- _TASK TO CARRY OUT_
Tell me how many lines of the entries below include the string "Brunswick", and give only the number.

BEGIN RECORD SET

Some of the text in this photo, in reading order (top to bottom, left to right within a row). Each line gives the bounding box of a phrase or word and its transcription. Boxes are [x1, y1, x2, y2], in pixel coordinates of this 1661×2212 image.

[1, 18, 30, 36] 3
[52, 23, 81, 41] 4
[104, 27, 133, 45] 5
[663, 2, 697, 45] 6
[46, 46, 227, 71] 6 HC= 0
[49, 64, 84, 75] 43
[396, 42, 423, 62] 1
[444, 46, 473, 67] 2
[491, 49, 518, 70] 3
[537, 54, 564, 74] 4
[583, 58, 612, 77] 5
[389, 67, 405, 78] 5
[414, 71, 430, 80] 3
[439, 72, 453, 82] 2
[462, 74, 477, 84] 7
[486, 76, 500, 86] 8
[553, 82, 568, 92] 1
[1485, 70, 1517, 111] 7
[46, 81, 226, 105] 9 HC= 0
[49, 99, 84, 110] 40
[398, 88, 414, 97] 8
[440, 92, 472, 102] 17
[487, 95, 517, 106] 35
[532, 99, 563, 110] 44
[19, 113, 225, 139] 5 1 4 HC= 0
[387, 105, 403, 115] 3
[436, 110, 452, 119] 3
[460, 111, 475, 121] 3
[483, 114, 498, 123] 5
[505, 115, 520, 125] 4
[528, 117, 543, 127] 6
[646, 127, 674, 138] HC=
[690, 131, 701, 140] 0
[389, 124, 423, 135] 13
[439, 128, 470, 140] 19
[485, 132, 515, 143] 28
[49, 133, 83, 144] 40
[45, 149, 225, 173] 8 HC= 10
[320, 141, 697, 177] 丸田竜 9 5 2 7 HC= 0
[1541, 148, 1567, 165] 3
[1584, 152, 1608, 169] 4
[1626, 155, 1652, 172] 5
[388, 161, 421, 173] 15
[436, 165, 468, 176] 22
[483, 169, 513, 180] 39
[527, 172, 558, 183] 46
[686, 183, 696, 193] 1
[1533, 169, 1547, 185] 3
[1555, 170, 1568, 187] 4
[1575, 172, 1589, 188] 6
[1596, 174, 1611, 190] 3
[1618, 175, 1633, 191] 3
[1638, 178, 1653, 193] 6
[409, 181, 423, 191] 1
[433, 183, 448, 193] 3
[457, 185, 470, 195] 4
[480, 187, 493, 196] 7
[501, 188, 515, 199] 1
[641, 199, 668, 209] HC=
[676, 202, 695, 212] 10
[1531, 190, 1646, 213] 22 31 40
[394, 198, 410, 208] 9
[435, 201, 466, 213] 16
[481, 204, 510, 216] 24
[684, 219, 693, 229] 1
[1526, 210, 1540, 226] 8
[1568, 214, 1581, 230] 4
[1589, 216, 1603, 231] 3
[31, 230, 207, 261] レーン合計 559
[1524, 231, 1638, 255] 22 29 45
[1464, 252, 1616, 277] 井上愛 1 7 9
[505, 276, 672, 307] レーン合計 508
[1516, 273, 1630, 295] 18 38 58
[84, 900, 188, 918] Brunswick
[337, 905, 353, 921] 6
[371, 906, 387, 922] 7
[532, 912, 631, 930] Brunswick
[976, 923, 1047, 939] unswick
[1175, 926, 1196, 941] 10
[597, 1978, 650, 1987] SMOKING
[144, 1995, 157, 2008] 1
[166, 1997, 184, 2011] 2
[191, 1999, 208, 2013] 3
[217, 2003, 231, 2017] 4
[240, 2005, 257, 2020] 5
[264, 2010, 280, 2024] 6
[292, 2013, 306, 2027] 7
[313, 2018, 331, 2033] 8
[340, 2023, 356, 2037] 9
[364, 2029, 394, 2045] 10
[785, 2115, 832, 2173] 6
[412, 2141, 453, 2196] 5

END RECORD SET

- _RESPONSE FOR THIS EXERCISE_
2